[Assigned task]: Output the listing below verbatim, without images.

[Dataset excerpts]:
|---|
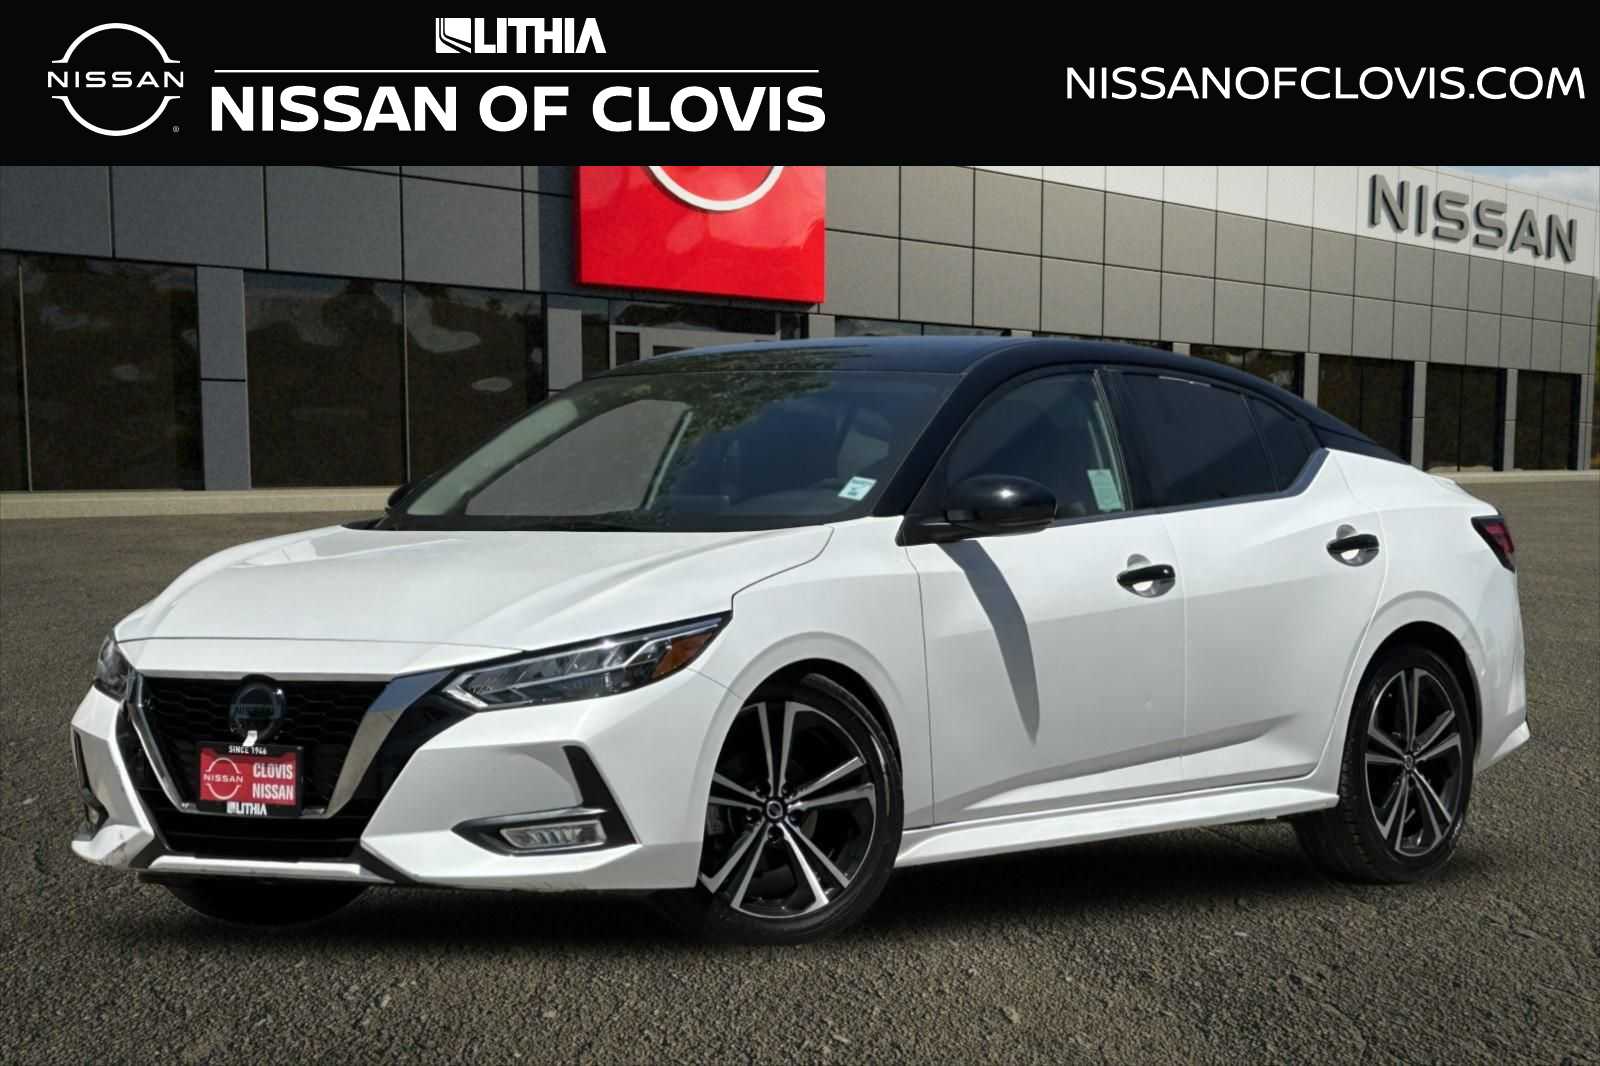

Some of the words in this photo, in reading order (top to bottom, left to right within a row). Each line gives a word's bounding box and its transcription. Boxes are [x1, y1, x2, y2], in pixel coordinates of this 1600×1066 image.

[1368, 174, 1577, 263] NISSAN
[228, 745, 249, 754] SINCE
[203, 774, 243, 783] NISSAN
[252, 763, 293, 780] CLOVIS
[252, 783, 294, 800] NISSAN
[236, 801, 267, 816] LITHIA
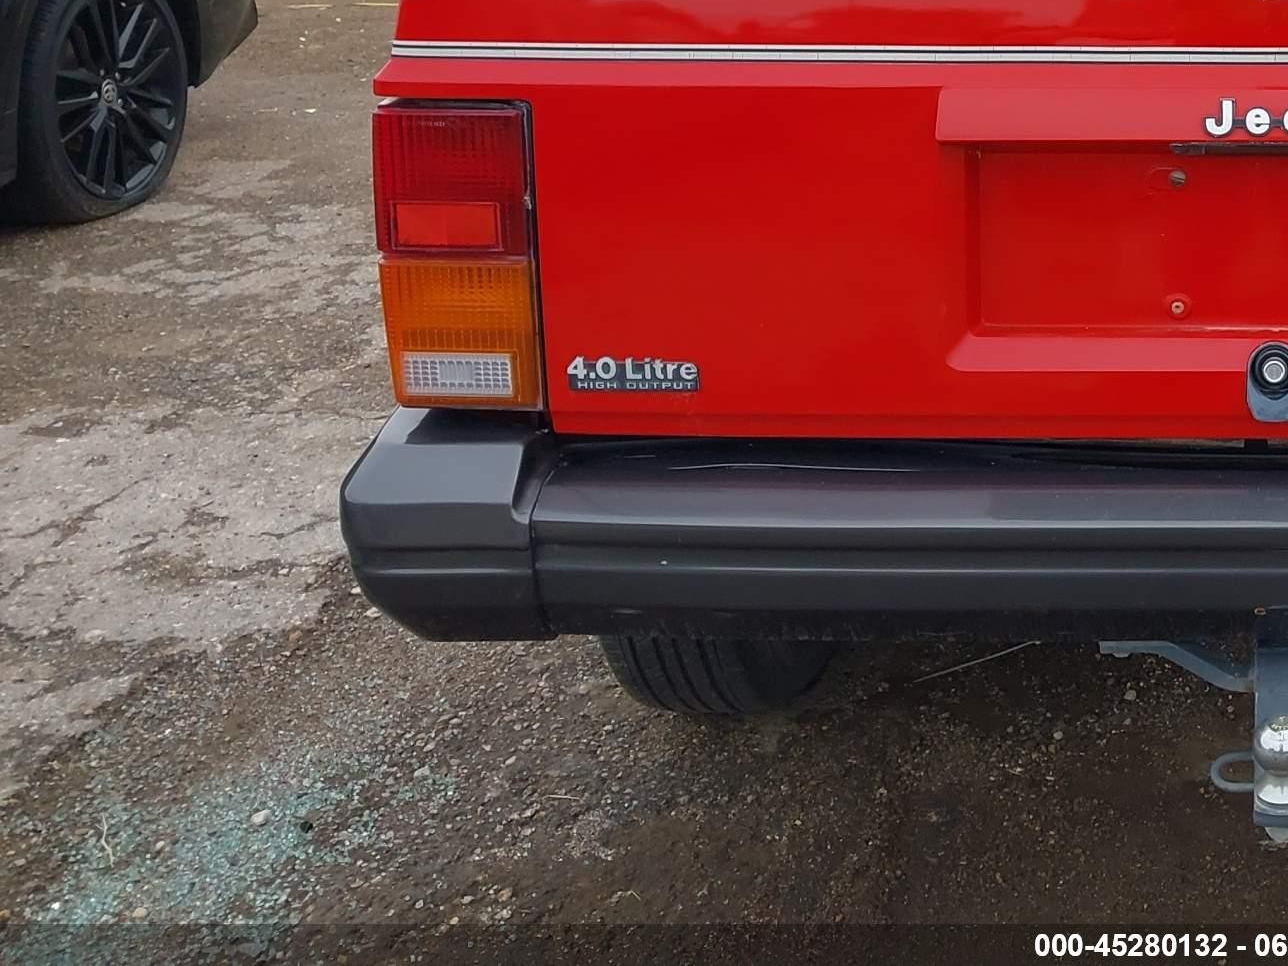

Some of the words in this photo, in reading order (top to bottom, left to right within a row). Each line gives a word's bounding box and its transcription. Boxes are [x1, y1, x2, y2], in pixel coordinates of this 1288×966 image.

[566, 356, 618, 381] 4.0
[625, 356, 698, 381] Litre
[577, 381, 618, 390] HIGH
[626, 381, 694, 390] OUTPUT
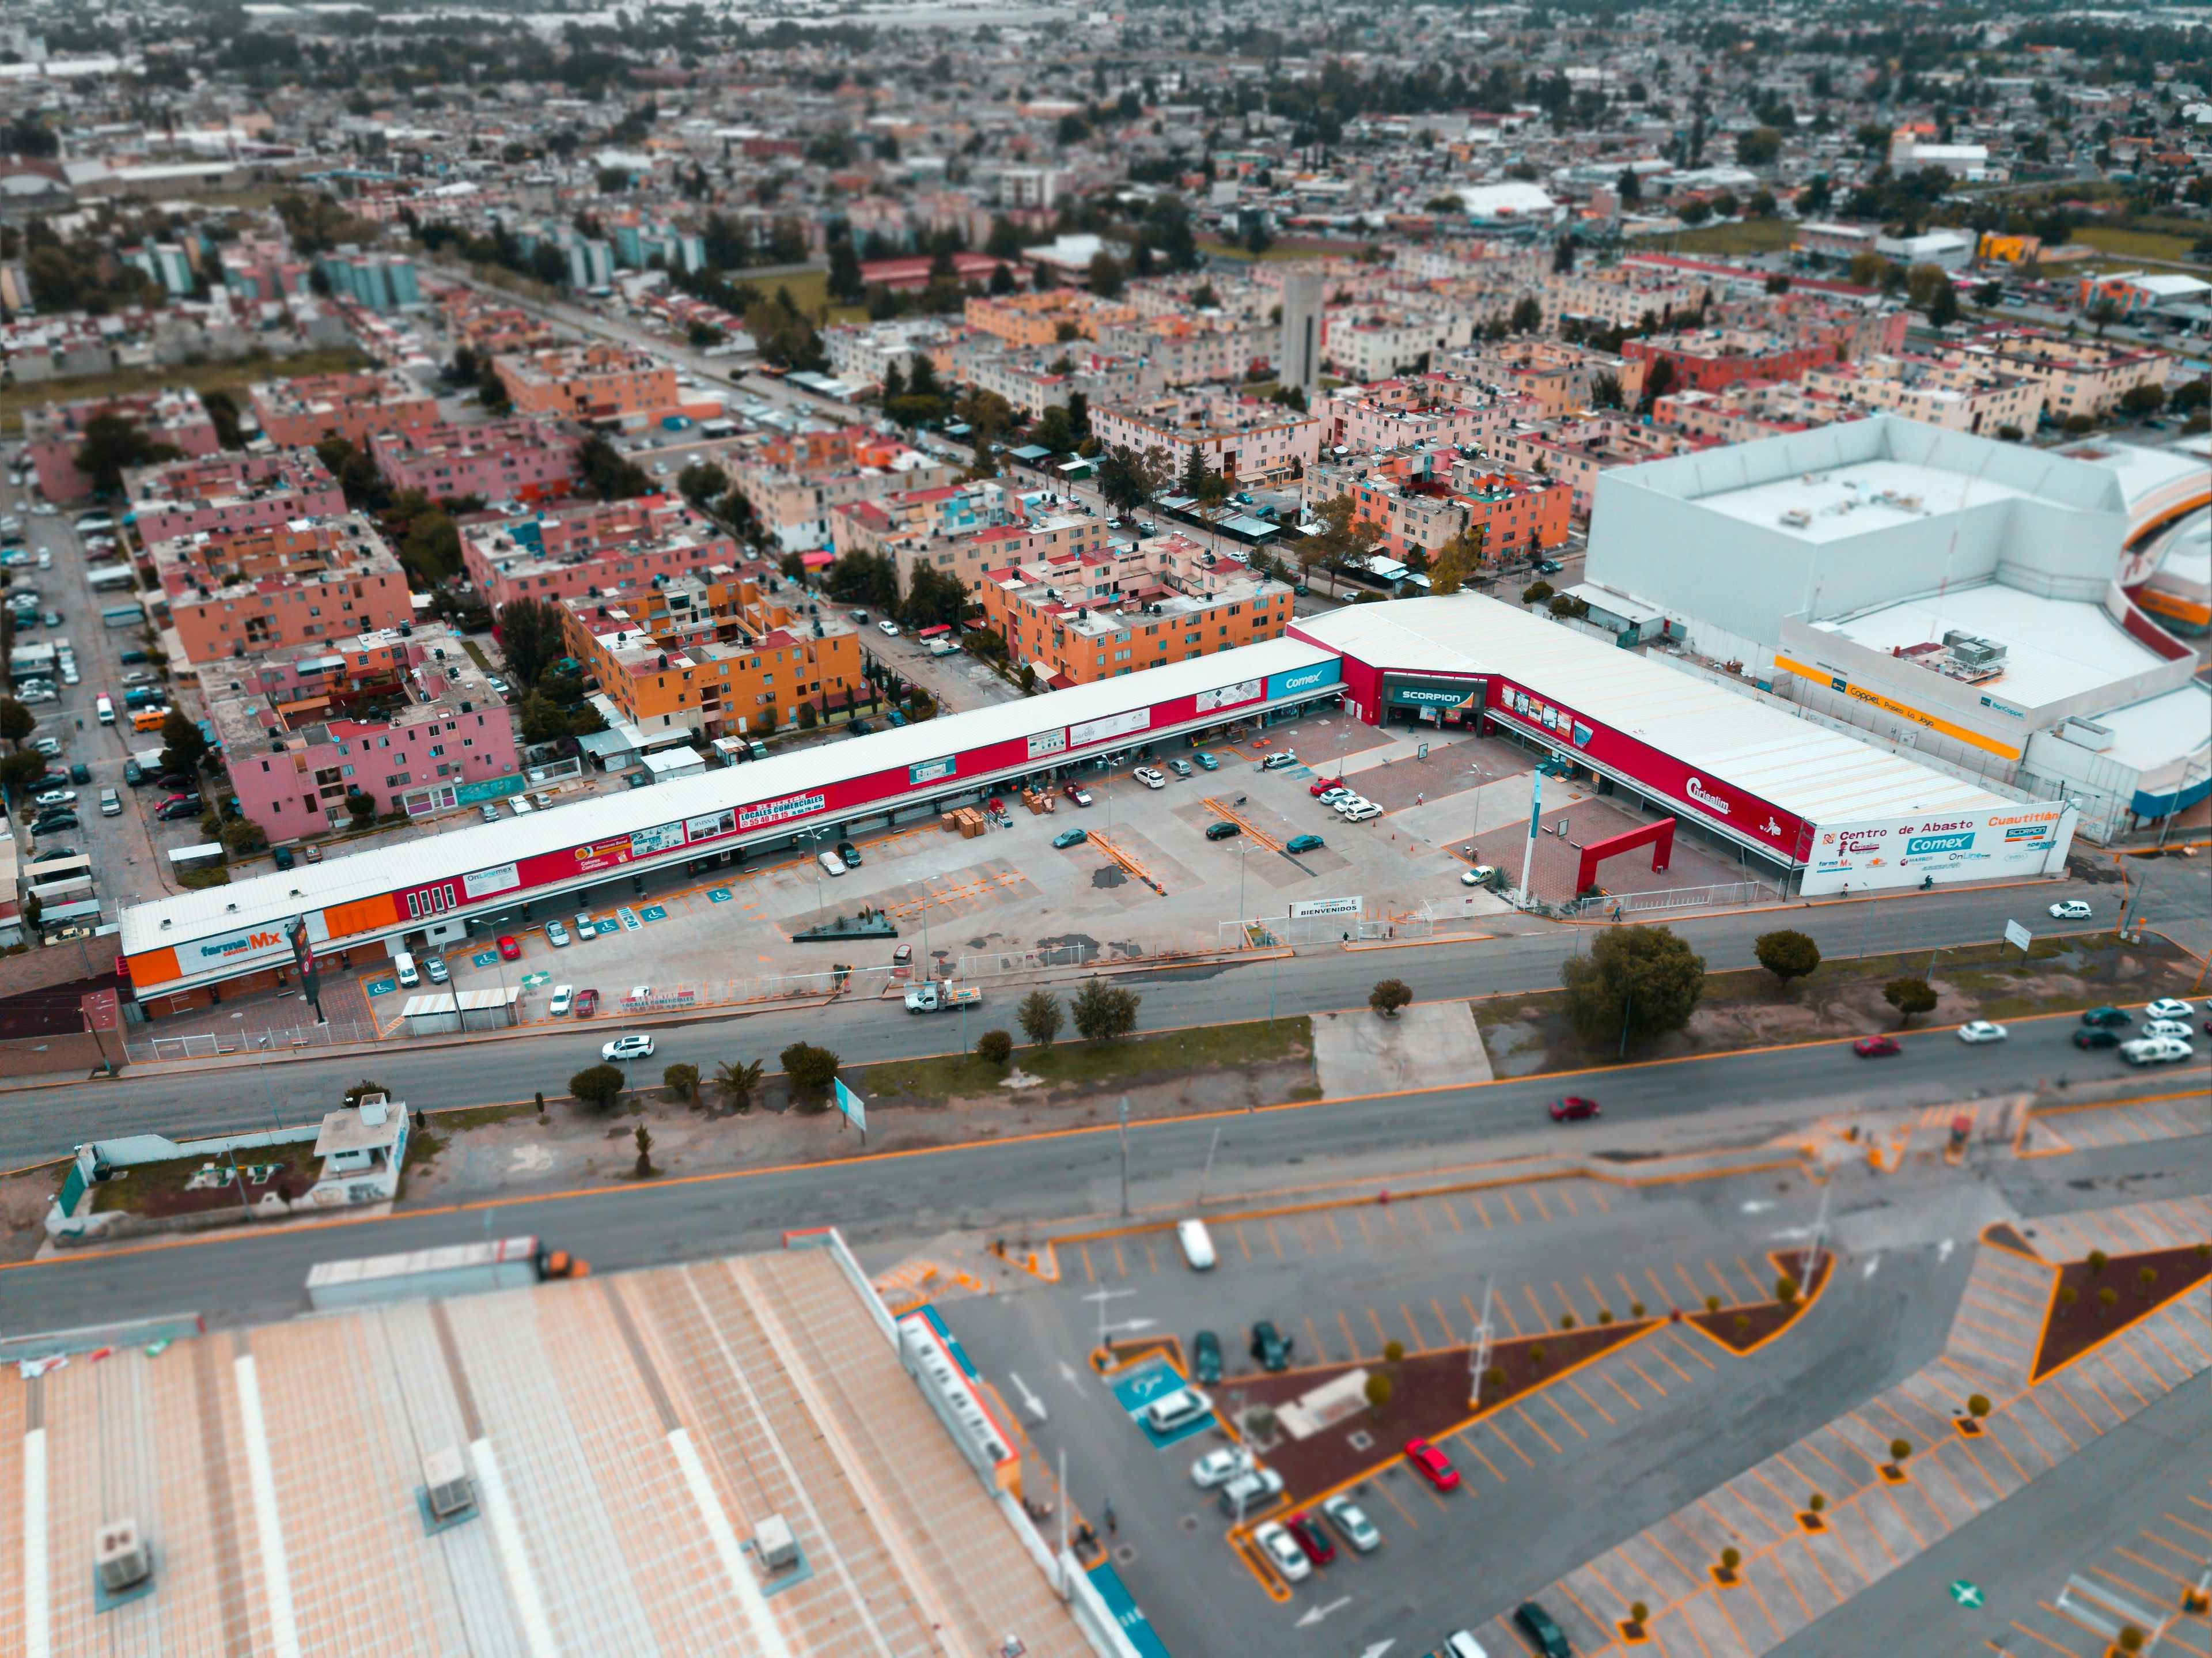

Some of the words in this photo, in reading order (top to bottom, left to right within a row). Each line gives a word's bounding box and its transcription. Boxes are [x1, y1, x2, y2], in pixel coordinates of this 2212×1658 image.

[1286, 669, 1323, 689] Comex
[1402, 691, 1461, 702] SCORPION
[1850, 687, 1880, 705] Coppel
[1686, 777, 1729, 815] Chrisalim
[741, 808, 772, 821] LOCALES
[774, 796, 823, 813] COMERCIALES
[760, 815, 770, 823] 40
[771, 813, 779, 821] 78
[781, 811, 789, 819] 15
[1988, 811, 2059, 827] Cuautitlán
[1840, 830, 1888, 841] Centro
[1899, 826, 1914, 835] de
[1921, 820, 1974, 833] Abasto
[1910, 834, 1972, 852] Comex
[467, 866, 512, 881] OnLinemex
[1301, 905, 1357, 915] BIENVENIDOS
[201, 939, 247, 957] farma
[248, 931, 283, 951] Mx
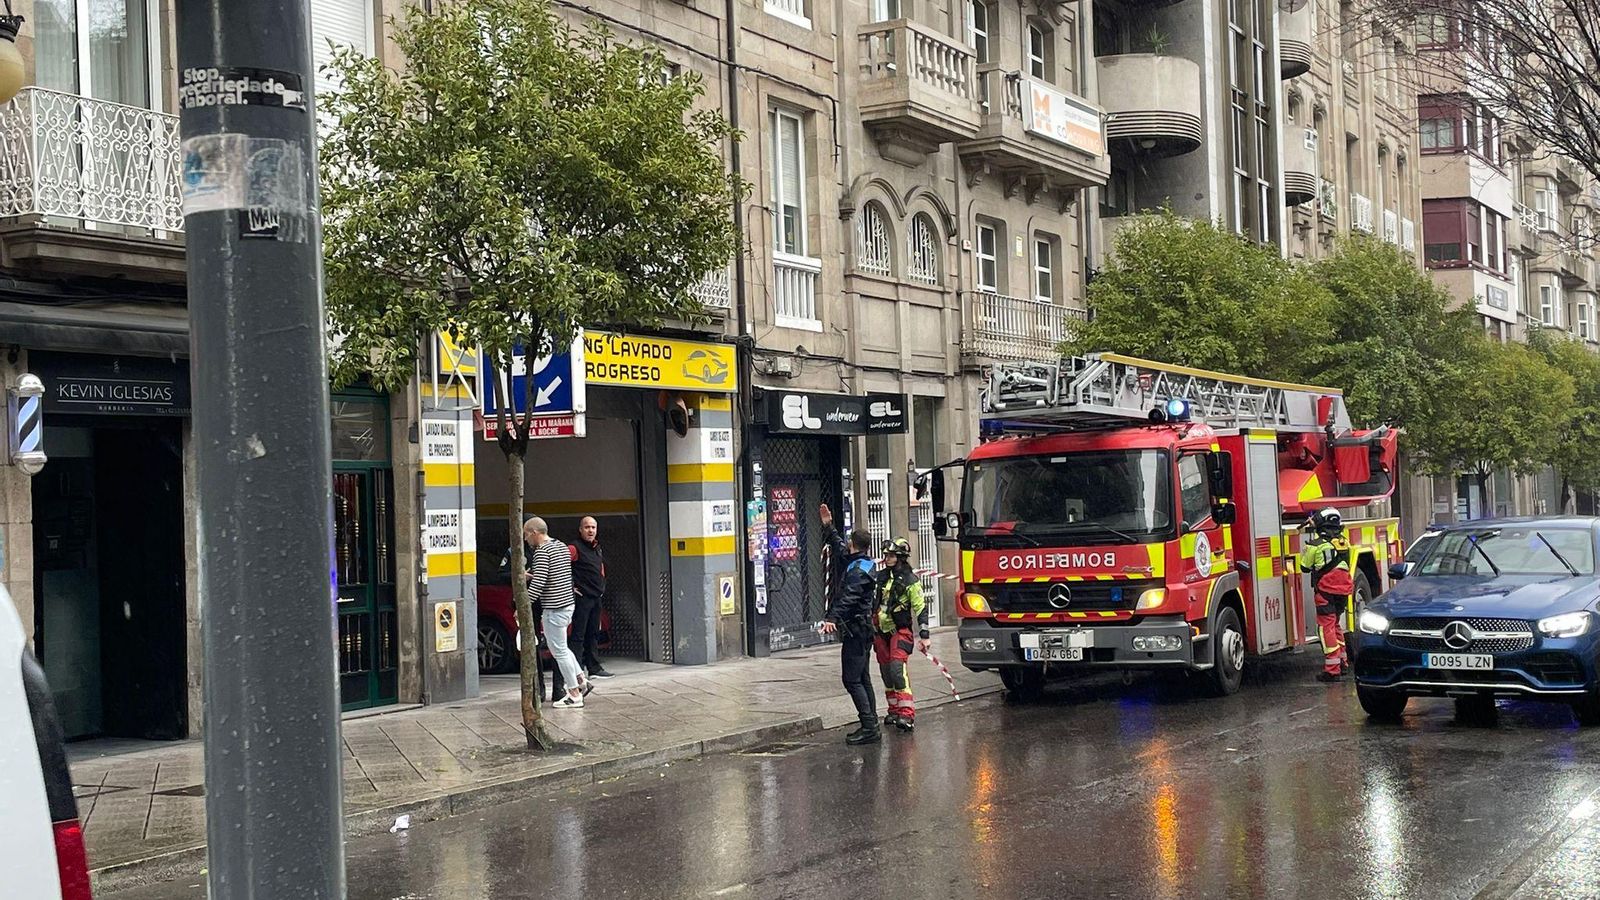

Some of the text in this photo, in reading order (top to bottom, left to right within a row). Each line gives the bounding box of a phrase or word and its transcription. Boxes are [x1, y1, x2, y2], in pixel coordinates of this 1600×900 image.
|---|
[Completed exercise]:
Some of the words in this photo, in reading order (top to bottom, left to right within a row). Each line gives a word's bounding box and its transcription. Boxes are [x1, y1, x2, y2], in pixel coordinates of this 1600×1066 image.

[1368, 174, 1577, 263] NISSAN
[228, 745, 249, 754] SINCE
[203, 774, 243, 783] NISSAN
[252, 763, 293, 780] CLOVIS
[252, 783, 294, 800] NISSAN
[236, 801, 267, 816] LITHIA

Some of the words in this photo, in reading order (top to bottom, left to right within a row). Each line gives a word's bounding box and its transcription. Boxes are [x1, y1, x2, y2], in pixel coordinates of this 1288×966 image.

[566, 356, 618, 381] 4.0
[625, 356, 698, 381] Litre
[577, 381, 618, 390] HIGH
[626, 381, 694, 390] OUTPUT

Some of the words in this photo, in reading order (top to bottom, left to right within a row). Each line gives a word's bounding box and its transcription. Boxes are [x1, y1, x2, y2], in pixel coordinates of this 2212×1658 image.

[1286, 669, 1323, 689] Comex
[1402, 691, 1461, 702] SCORPION
[1850, 687, 1880, 705] Coppel
[1686, 777, 1729, 815] Chrisalim
[741, 808, 772, 821] LOCALES
[774, 796, 823, 813] COMERCIALES
[760, 815, 770, 823] 40
[771, 813, 779, 821] 78
[781, 811, 789, 819] 15
[1988, 811, 2059, 827] Cuautitlán
[1840, 830, 1888, 841] Centro
[1899, 826, 1914, 835] de
[1921, 820, 1974, 833] Abasto
[1910, 834, 1972, 852] Comex
[467, 866, 512, 881] OnLinemex
[1301, 905, 1357, 915] BIENVENIDOS
[201, 939, 247, 957] farma
[248, 931, 283, 951] Mx

Some of the text in this photo, in reading order (top to bottom, left to right within a row). Each line gives the bounding box of a phrase or word and its transcription. Boxes are [x1, y1, x2, y2], in pixel coordinates of this 1600×900 image.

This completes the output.